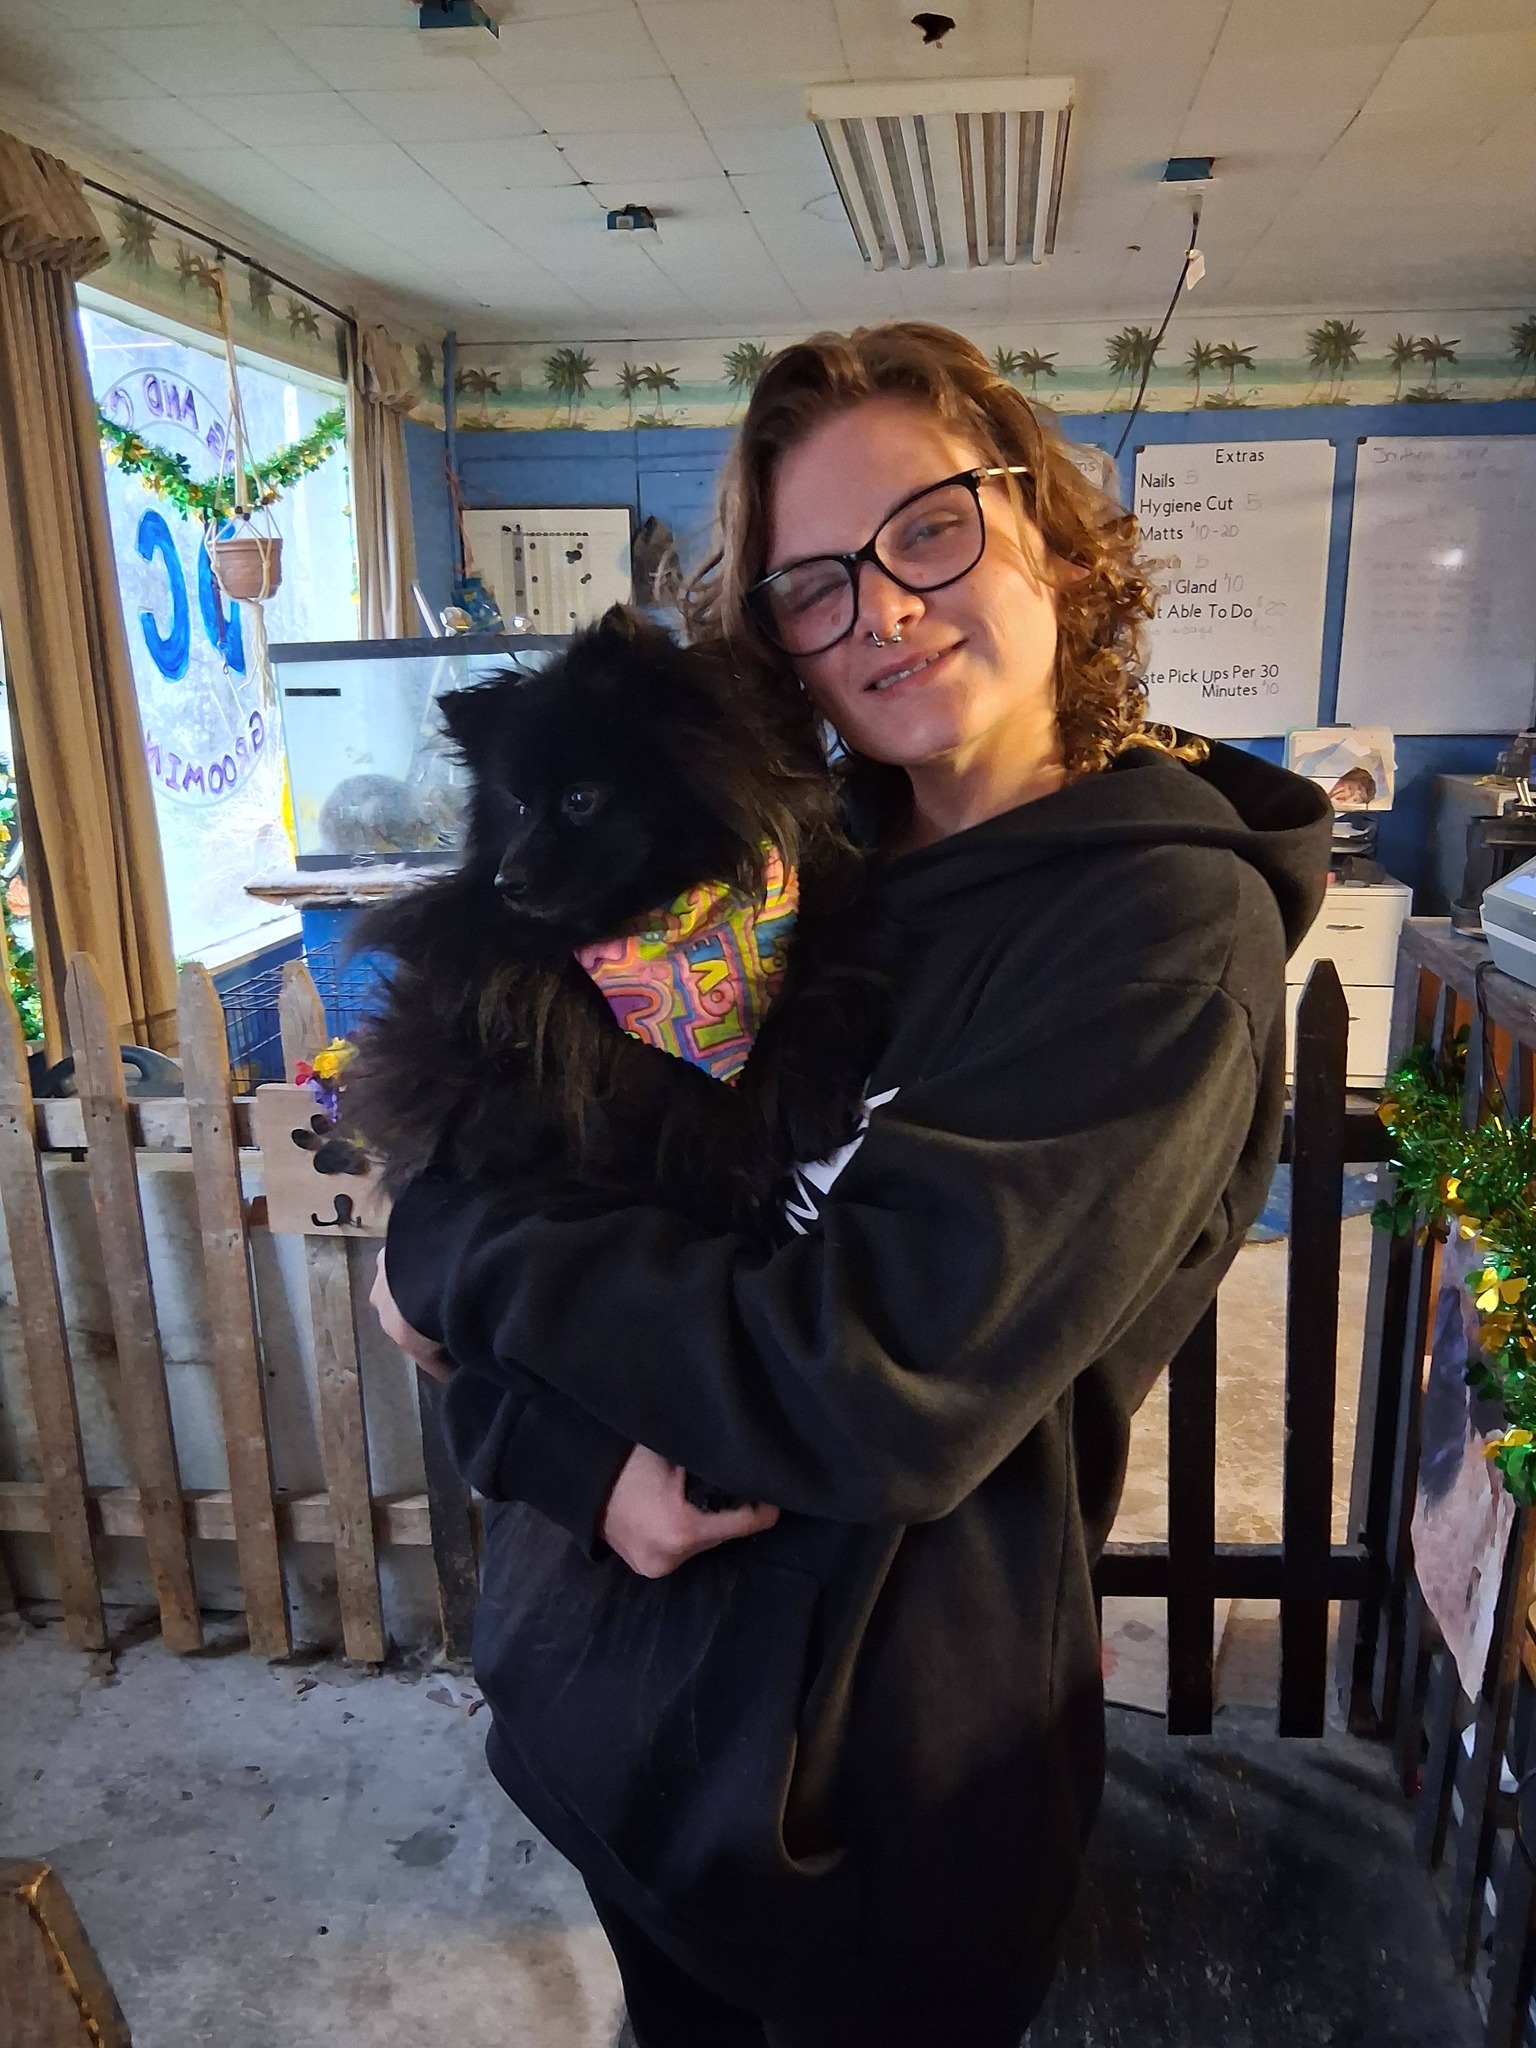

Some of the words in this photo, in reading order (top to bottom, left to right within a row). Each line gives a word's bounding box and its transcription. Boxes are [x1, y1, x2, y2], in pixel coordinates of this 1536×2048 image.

[1215, 448, 1265, 464] Extras
[1140, 473, 1176, 489] Nails
[1139, 498, 1202, 517] Hygiene
[1206, 495, 1234, 511] Cut
[1139, 526, 1184, 541] Matts
[1175, 579, 1217, 594] Gland
[1167, 603, 1202, 618] Able
[1208, 603, 1227, 618] To
[1231, 603, 1253, 618] Do
[1142, 673, 1165, 684] ate
[1168, 668, 1198, 683] Pick
[1202, 669, 1229, 684] Ups
[1232, 665, 1256, 679] Per
[1260, 664, 1279, 678] 30
[1202, 684, 1258, 698] Minutes
[685, 934, 745, 1050] LOVE
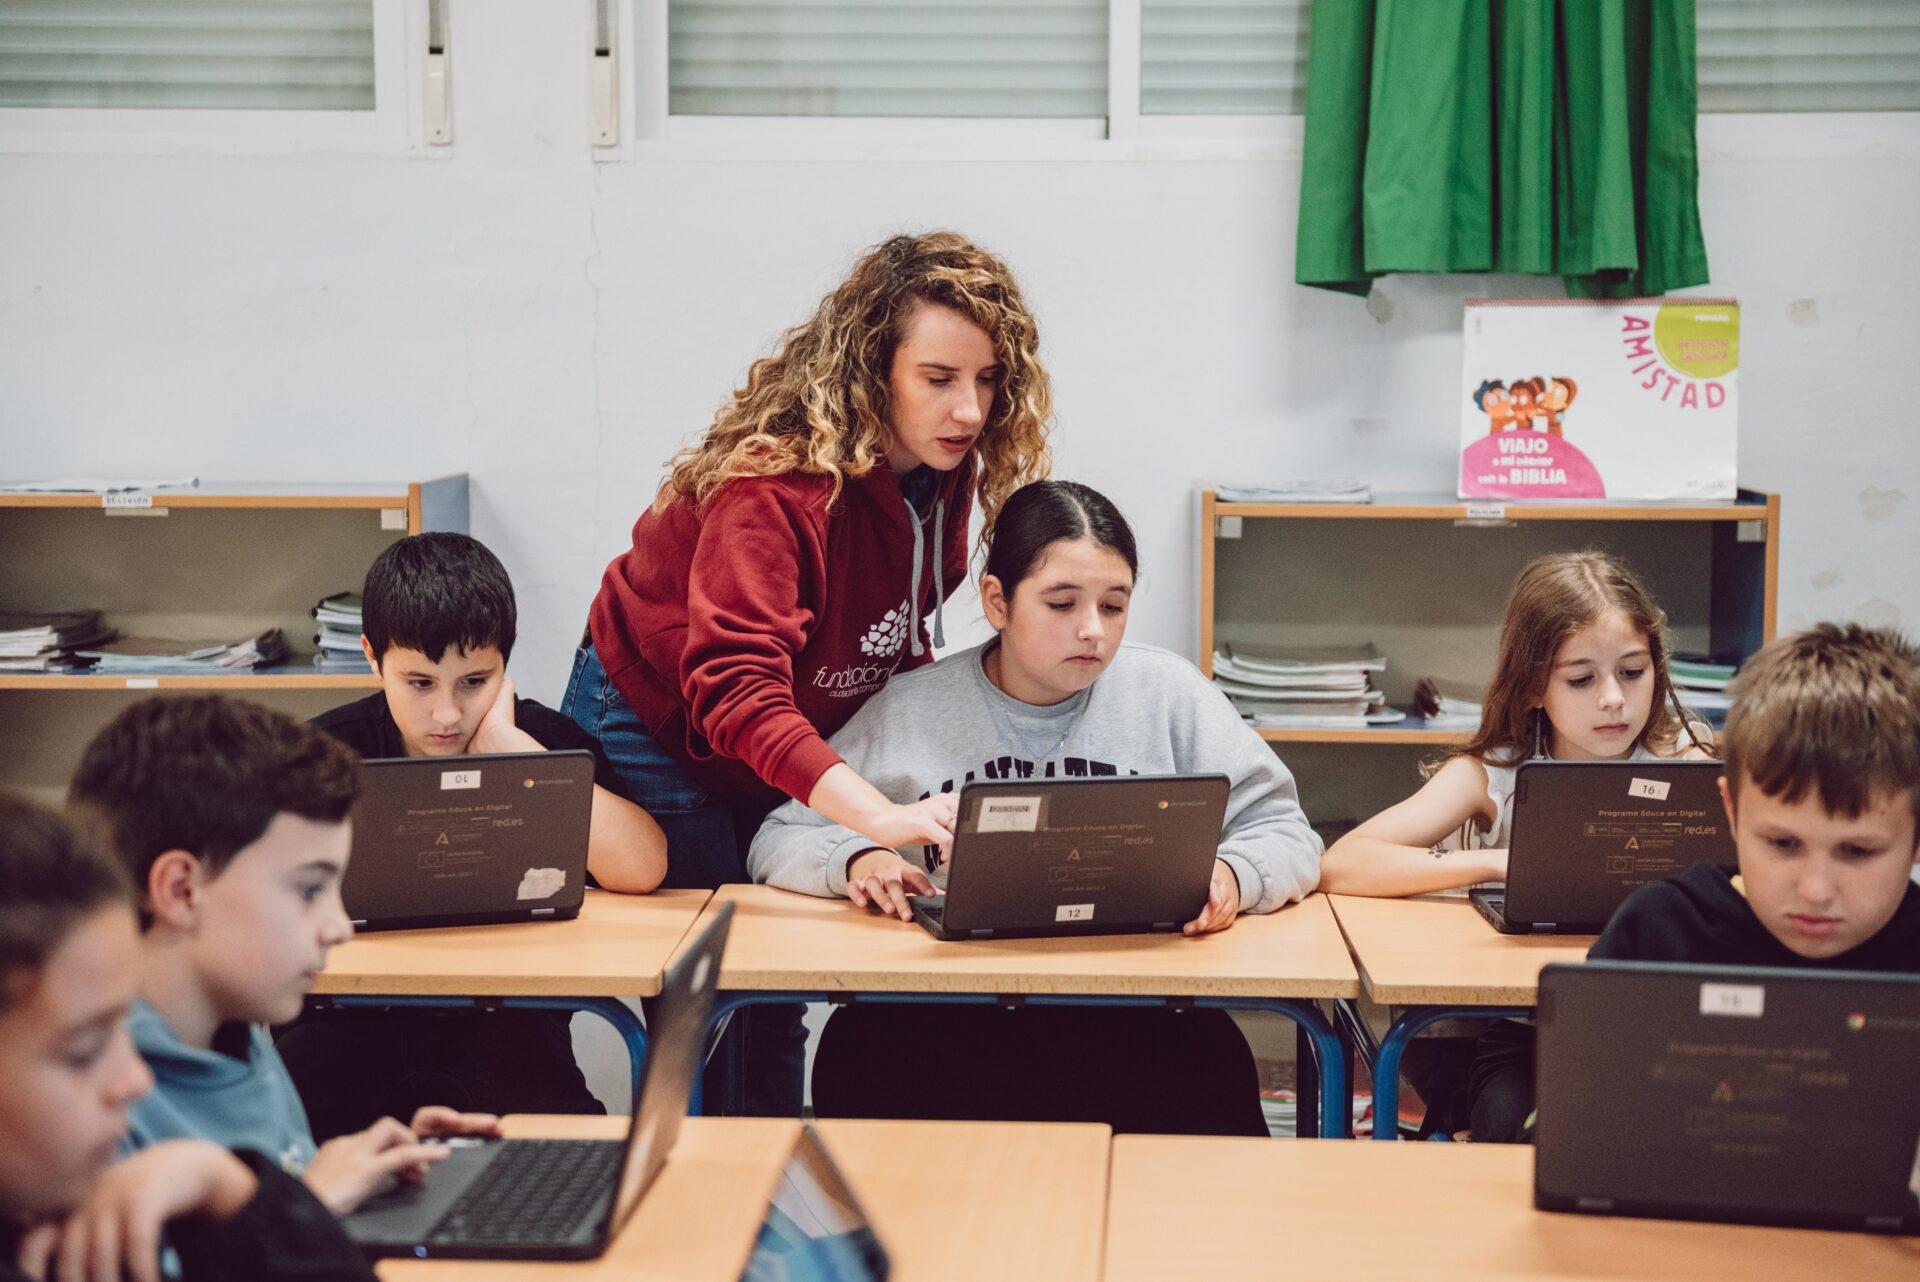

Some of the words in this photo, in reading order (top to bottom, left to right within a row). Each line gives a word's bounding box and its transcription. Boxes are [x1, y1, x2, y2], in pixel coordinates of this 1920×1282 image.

[1622, 315, 1726, 409] AMISTAD
[1498, 437, 1548, 454] VIAJO
[1501, 454, 1515, 466] mi
[1510, 468, 1567, 485] BIBLIA
[1641, 784, 1656, 795] 16
[1598, 810, 1639, 818] Programa
[1680, 809, 1707, 818] Digital
[1684, 825, 1717, 835] red.es
[1067, 908, 1081, 918] 12

- Task goal: Can you quote exactly the lines from the one containing "this 1920×1282 image." through the last line of the records above, and nothing else?

- Written response:
Some of the words in this photo, in reading order (top to bottom, left to right within a row). Each line gives a word's bounding box and its transcription. Boxes are [x1, y1, x2, y2], in pixel coordinates of this 1920×1282 image.

[1622, 315, 1726, 409] AMISTAD
[1498, 437, 1548, 454] VIAJO
[1501, 454, 1515, 466] mi
[1510, 468, 1567, 485] BIBLIA
[1641, 784, 1656, 795] 16
[1598, 810, 1639, 818] Programa
[1680, 809, 1707, 818] Digital
[1684, 825, 1717, 835] red.es
[1067, 908, 1081, 918] 12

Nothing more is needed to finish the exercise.